When the Premiers discuss budget cuts to essential services, as they’re currently doing with our fire and emergency services, they hasten to add that cuts “won’t affect front line staff” – don’t worry, people, it’s not the teachers, nurses, midwives, fire fighters, police, ambulance officers you see in the classroom/at the bedside/on the street that we’re affecting, just the bloated layers of non-essential, invisible, minimally qualified office dwellers. You won’t notice they’re gone, promise.

I know in my profession, without support staff we’re at best slowed, at worst unable to do our work because support staff tasks still need to be done. Our “non-essential” support staff include ward support (who run specimens to the lab, pick up equipment, perform routine cleaning), isolation cleaners (who prepare rooms after patients with infectious conditions have been transferred or discharged), and ward clerks (who answer the phone, manage enquiries, input patient data, order stores, liaise with supply to order stores and equipment, and with enginneering to fix equipment and address issues like blocked toilets).

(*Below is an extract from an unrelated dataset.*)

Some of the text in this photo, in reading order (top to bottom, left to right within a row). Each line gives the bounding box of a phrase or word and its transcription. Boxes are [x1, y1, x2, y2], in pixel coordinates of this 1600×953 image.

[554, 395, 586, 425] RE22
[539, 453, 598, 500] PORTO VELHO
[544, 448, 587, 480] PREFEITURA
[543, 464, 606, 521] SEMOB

None of that is work that can be left undone, and all of it affects patient flow, patient care, and the smoothness of my shift.

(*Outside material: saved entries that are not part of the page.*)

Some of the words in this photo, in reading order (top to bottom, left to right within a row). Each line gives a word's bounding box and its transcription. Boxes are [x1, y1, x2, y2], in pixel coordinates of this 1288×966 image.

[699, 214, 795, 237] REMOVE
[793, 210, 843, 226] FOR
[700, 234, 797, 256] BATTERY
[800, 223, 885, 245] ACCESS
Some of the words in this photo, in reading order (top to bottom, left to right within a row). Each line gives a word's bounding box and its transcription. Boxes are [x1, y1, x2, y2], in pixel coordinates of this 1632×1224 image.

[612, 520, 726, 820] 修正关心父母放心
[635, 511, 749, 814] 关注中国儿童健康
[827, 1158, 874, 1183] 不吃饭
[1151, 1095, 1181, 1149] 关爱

To take a typical example – when we have no ward clerk and I’m in charge I’m unable to spend any significant time supporting floor staff because I have to answer the phone, transfer calls, liaise with other departments (like theatre and radiology), electronically transfer and discharge patients, call engineering because a pan flusher no longer has hot water, and order meals.

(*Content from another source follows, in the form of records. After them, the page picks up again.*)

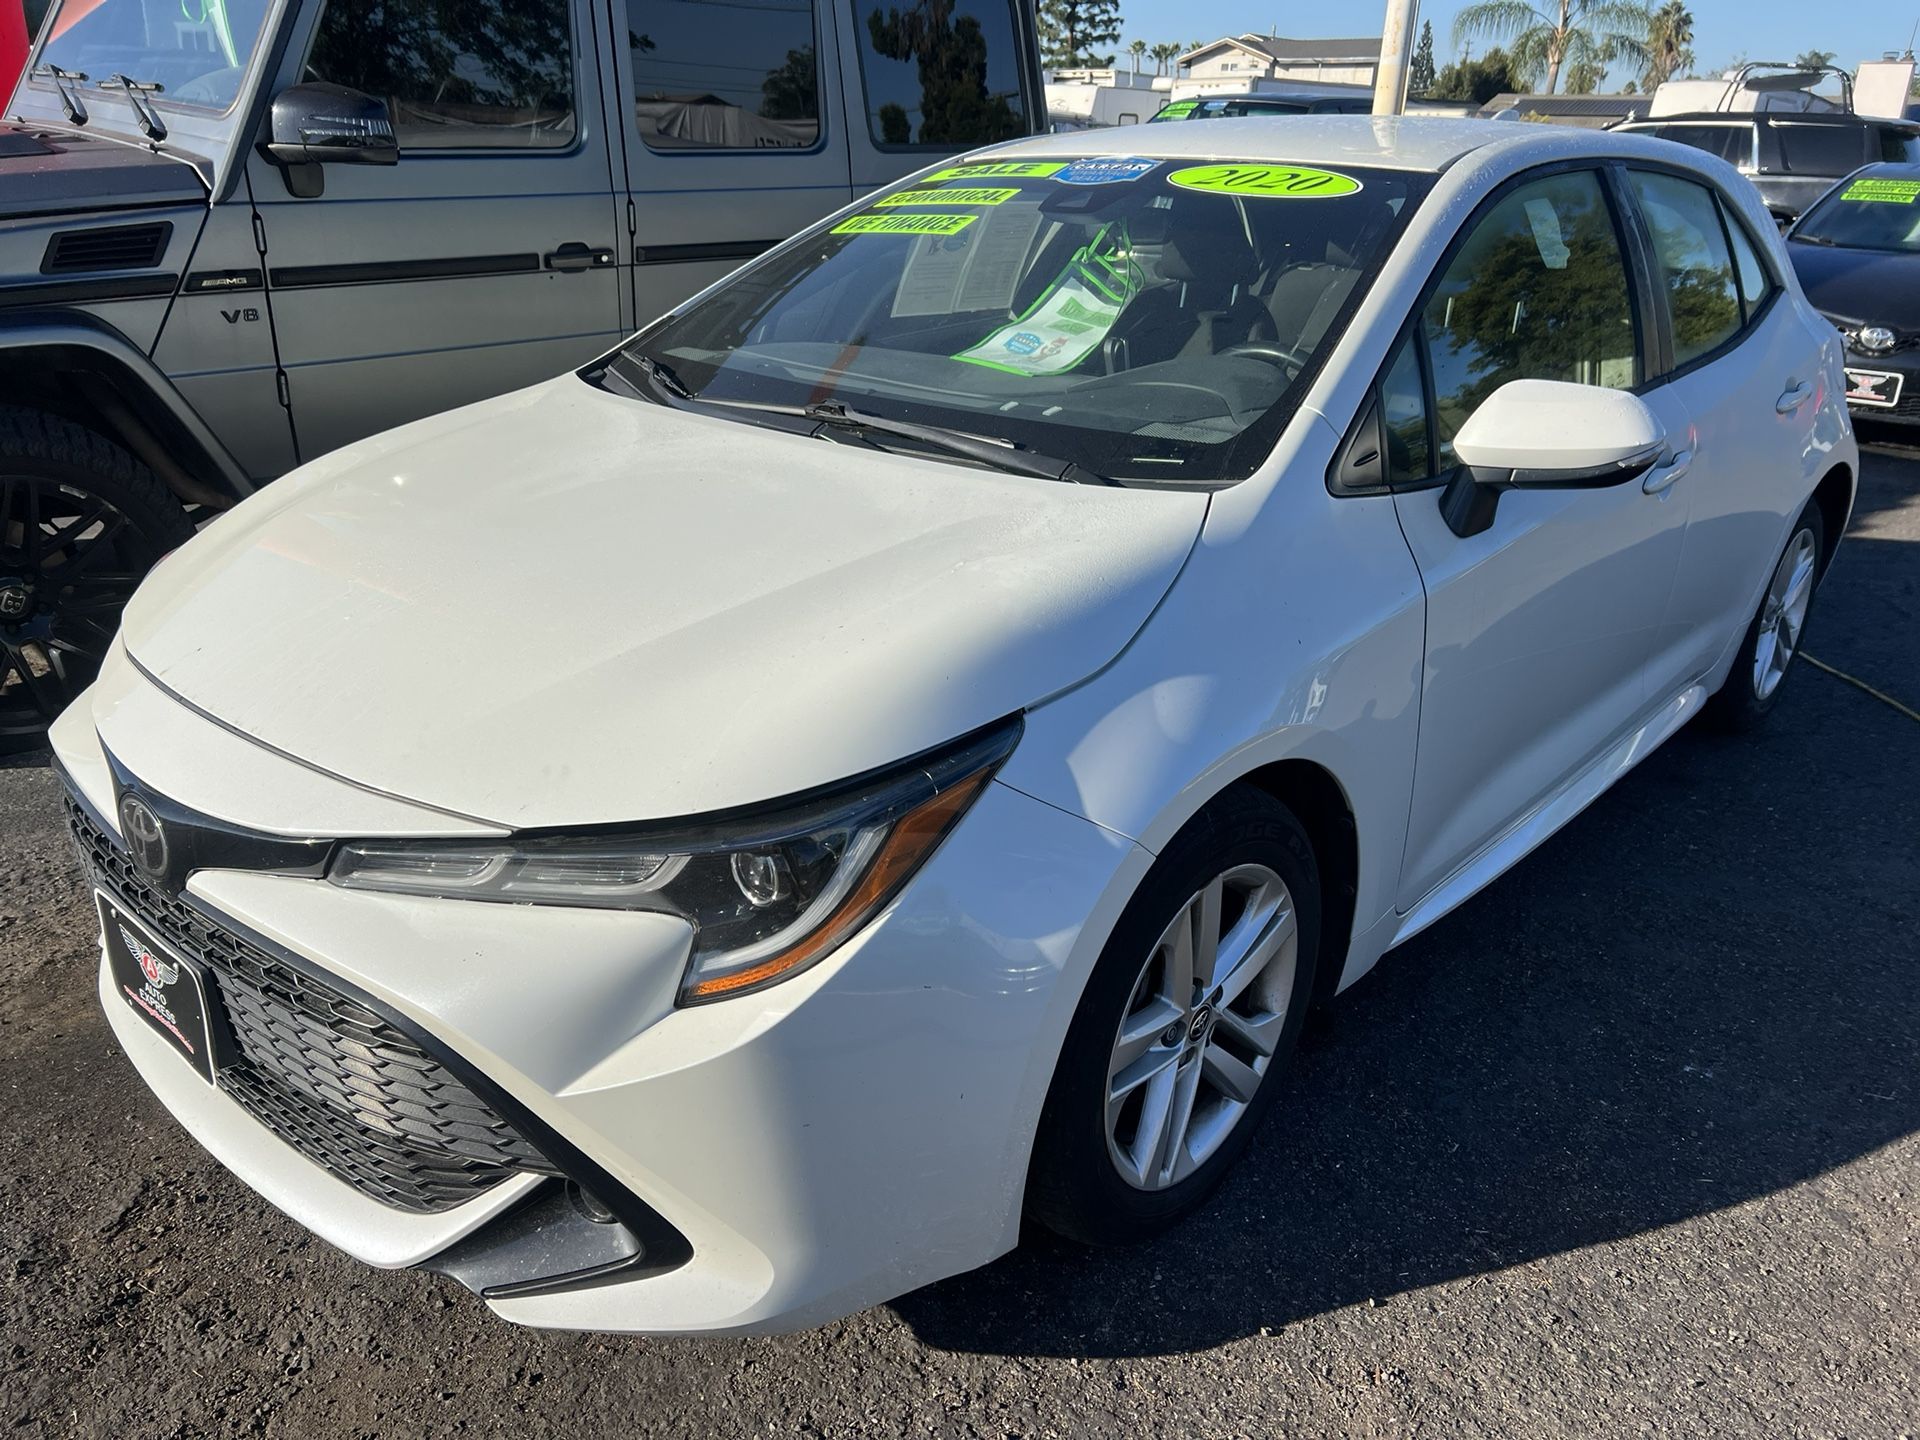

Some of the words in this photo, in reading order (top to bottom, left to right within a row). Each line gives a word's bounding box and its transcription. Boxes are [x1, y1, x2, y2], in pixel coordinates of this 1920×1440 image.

[948, 164, 1034, 177] SALE
[1189, 169, 1334, 192] 2020
[840, 216, 874, 231] WE
[872, 216, 963, 231] FINANCE
[217, 277, 248, 286] AMG
[220, 308, 259, 324] V8
[145, 982, 167, 1005] AUTO
[138, 987, 176, 1025] EXPRESS

Each of these tasks takes a couple of minutes, but the phone alone rarely stops ringing. I already have a phone – the resource phone, which bed flow use to give me new patients, ED use to handover those patients, the consultant uses to tell me we’re getting a transplant, and bank use to let me know they can only replace my eight-hour-shift experienced but sick nurse with a six-hour agency nurse who’s newly qualified, in a different register, and hasn’t worked in Melbourne before.

If I’m juggling phone calls I can’t expedite bed flow – for a start, I can’t talk with nurses who have empty beds about their new patient. Of course, it’s rarely that straightforward, because around 30% of the time accepting a new patient means moving at least one other patient and/or patient assignment – the new patient’s coming out of ICU, or is seriously ill, or is dying, or is having a transplant, or has a transmissible disease, all of which means s/he needs a single room. That usually means shifting a patient from a single room – first I have to identify which patients can be moved (because they’re not seriously ill, disruptive, dying, or in need of isolation for medical reasons), and where they can go to.

Then I explain this to the nurses who will be involved in the move – taking the new patient, or accepting the transferred patient. One of then explains the move to the patient – often the person in the room is accommodating, but often they want to stay put, which is understandable, but that means the person in charge (in this case me) needs to explain that in public hospitals single (not private) rooms are allocated based on need, not preference of private insurance, or length of tenancy. If I don’t want this move to affect the rest of the patient’s stay, or even to cause them to self-discharge, I need to demonstrate resolve combined with empathy.

I can’t do that with a phone ringing every other minute, so I give the phone to a colleague while I go in to settle down the evictee – that means one of the ward nurses can’t perform her or his work, because every set of observations or medication administration or student supervision or patient interaction is interrupted by the phone.

Frontline staff can’t do frontline work without adequate, experience, competent support staff. Cuts to staff and resources that have been externally identified as non-essential directly affect the capacity for frontline staff to function effectively, and that has knock-on effects for the public we serve. I’m not saying there are no systems without inefficiency or fat, though I suspect in most cases we’re pretty close to bone already. But claims by premiers that frontline providers will be unaffected are at best naive and simplistic, and willfully misleading.